[Data excerpts]
----------
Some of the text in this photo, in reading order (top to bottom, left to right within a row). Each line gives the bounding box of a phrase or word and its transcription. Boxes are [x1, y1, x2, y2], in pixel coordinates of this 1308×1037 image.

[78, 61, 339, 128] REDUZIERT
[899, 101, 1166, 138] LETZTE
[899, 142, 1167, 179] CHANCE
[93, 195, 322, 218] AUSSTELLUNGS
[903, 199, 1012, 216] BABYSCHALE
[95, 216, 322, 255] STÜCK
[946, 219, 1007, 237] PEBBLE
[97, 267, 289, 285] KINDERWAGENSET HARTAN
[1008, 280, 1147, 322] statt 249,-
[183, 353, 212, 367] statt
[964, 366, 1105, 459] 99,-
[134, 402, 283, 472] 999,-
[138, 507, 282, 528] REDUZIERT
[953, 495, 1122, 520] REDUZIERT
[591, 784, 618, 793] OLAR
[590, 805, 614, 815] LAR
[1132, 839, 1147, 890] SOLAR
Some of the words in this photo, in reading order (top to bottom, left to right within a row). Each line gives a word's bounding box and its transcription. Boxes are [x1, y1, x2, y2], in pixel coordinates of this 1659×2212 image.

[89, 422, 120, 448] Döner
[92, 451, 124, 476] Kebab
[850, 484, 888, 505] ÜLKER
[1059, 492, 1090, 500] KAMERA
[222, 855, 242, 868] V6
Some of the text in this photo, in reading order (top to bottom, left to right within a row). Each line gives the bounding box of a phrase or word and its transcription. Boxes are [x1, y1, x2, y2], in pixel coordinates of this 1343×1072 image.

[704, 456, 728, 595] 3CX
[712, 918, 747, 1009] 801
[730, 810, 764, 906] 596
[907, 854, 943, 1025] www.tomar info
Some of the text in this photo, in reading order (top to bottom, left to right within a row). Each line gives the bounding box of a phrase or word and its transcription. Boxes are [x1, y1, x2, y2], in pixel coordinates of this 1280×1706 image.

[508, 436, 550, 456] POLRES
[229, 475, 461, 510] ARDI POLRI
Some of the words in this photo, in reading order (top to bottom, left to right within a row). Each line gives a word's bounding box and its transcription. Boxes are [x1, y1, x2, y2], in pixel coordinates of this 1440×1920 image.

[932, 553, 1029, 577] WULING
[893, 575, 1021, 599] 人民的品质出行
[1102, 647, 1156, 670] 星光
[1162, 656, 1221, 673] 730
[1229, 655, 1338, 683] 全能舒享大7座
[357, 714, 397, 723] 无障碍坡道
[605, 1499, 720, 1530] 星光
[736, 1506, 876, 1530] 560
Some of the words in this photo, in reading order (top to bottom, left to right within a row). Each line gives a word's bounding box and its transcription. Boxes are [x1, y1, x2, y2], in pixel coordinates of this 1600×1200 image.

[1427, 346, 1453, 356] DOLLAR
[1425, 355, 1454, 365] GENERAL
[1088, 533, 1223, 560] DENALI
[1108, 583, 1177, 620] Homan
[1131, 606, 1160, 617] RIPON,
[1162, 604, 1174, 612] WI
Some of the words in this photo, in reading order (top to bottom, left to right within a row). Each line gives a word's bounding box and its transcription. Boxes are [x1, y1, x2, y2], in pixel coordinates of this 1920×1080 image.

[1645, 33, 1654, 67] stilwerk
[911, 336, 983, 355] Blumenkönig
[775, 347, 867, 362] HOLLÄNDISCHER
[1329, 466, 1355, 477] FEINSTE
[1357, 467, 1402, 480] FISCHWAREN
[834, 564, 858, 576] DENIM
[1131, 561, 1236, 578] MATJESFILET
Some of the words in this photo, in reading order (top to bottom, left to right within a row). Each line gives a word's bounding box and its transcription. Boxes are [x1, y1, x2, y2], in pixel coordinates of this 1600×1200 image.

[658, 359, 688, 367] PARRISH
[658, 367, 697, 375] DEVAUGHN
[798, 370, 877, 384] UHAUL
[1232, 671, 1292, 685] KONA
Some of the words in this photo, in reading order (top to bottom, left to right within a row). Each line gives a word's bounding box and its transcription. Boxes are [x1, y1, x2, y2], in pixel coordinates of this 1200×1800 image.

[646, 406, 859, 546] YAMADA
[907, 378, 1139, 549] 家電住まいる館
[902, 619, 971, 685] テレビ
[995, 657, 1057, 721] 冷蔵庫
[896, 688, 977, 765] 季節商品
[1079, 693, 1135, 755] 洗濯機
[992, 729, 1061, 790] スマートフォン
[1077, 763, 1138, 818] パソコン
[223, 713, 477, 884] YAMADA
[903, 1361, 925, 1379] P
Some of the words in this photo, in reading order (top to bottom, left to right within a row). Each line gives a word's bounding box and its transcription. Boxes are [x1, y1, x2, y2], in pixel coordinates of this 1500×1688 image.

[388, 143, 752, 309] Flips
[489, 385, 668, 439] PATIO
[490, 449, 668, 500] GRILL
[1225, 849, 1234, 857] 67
----------
Whatever appears in the data above must be copied word for word.

Some of the text in this photo, in reading order (top to bottom, left to right within a row). Each line gives the bounding box of a phrase or word and its transcription. Boxes are [x1, y1, x2, y2], in pixel coordinates of this 1308×1037 image.

[78, 61, 339, 128] REDUZIERT
[899, 101, 1166, 138] LETZTE
[899, 142, 1167, 179] CHANCE
[93, 195, 322, 218] AUSSTELLUNGS
[903, 199, 1012, 216] BABYSCHALE
[95, 216, 322, 255] STÜCK
[946, 219, 1007, 237] PEBBLE
[97, 267, 289, 285] KINDERWAGENSET HARTAN
[1008, 280, 1147, 322] statt 249,-
[183, 353, 212, 367] statt
[964, 366, 1105, 459] 99,-
[134, 402, 283, 472] 999,-
[138, 507, 282, 528] REDUZIERT
[953, 495, 1122, 520] REDUZIERT
[591, 784, 618, 793] OLAR
[590, 805, 614, 815] LAR
[1132, 839, 1147, 890] SOLAR
Some of the words in this photo, in reading order (top to bottom, left to right within a row). Each line gives a word's bounding box and its transcription. Boxes are [x1, y1, x2, y2], in pixel coordinates of this 1659×2212 image.

[89, 422, 120, 448] Döner
[92, 451, 124, 476] Kebab
[850, 484, 888, 505] ÜLKER
[1059, 492, 1090, 500] KAMERA
[222, 855, 242, 868] V6
Some of the text in this photo, in reading order (top to bottom, left to right within a row). Each line gives the bounding box of a phrase or word and its transcription. Boxes are [x1, y1, x2, y2], in pixel coordinates of this 1343×1072 image.

[704, 456, 728, 595] 3CX
[712, 918, 747, 1009] 801
[730, 810, 764, 906] 596
[907, 854, 943, 1025] www.tomar info
Some of the text in this photo, in reading order (top to bottom, left to right within a row). Each line gives the bounding box of a phrase or word and its transcription. Boxes are [x1, y1, x2, y2], in pixel coordinates of this 1280×1706 image.

[508, 436, 550, 456] POLRES
[229, 475, 461, 510] ARDI POLRI
Some of the words in this photo, in reading order (top to bottom, left to right within a row). Each line gives a word's bounding box and its transcription. Boxes are [x1, y1, x2, y2], in pixel coordinates of this 1440×1920 image.

[932, 553, 1029, 577] WULING
[893, 575, 1021, 599] 人民的品质出行
[1102, 647, 1156, 670] 星光
[1162, 656, 1221, 673] 730
[1229, 655, 1338, 683] 全能舒享大7座
[357, 714, 397, 723] 无障碍坡道
[605, 1499, 720, 1530] 星光
[736, 1506, 876, 1530] 560
Some of the words in this photo, in reading order (top to bottom, left to right within a row). Each line gives a word's bounding box and its transcription. Boxes are [x1, y1, x2, y2], in pixel coordinates of this 1600×1200 image.

[1427, 346, 1453, 356] DOLLAR
[1425, 355, 1454, 365] GENERAL
[1088, 533, 1223, 560] DENALI
[1108, 583, 1177, 620] Homan
[1131, 606, 1160, 617] RIPON,
[1162, 604, 1174, 612] WI
Some of the words in this photo, in reading order (top to bottom, left to right within a row). Each line gives a word's bounding box and its transcription. Boxes are [x1, y1, x2, y2], in pixel coordinates of this 1920×1080 image.

[1645, 33, 1654, 67] stilwerk
[911, 336, 983, 355] Blumenkönig
[775, 347, 867, 362] HOLLÄNDISCHER
[1329, 466, 1355, 477] FEINSTE
[1357, 467, 1402, 480] FISCHWAREN
[834, 564, 858, 576] DENIM
[1131, 561, 1236, 578] MATJESFILET
Some of the words in this photo, in reading order (top to bottom, left to right within a row). Each line gives a word's bounding box and its transcription. Boxes are [x1, y1, x2, y2], in pixel coordinates of this 1600×1200 image.

[658, 359, 688, 367] PARRISH
[658, 367, 697, 375] DEVAUGHN
[798, 370, 877, 384] UHAUL
[1232, 671, 1292, 685] KONA
Some of the words in this photo, in reading order (top to bottom, left to right within a row). Each line gives a word's bounding box and its transcription. Boxes are [x1, y1, x2, y2], in pixel coordinates of this 1200×1800 image.

[646, 406, 859, 546] YAMADA
[907, 378, 1139, 549] 家電住まいる館
[902, 619, 971, 685] テレビ
[995, 657, 1057, 721] 冷蔵庫
[896, 688, 977, 765] 季節商品
[1079, 693, 1135, 755] 洗濯機
[992, 729, 1061, 790] スマートフォン
[1077, 763, 1138, 818] パソコン
[223, 713, 477, 884] YAMADA
[903, 1361, 925, 1379] P
Some of the words in this photo, in reading order (top to bottom, left to right within a row). Each line gives a word's bounding box and its transcription. Boxes are [x1, y1, x2, y2], in pixel coordinates of this 1500×1688 image.

[388, 143, 752, 309] Flips
[489, 385, 668, 439] PATIO
[490, 449, 668, 500] GRILL
[1225, 849, 1234, 857] 67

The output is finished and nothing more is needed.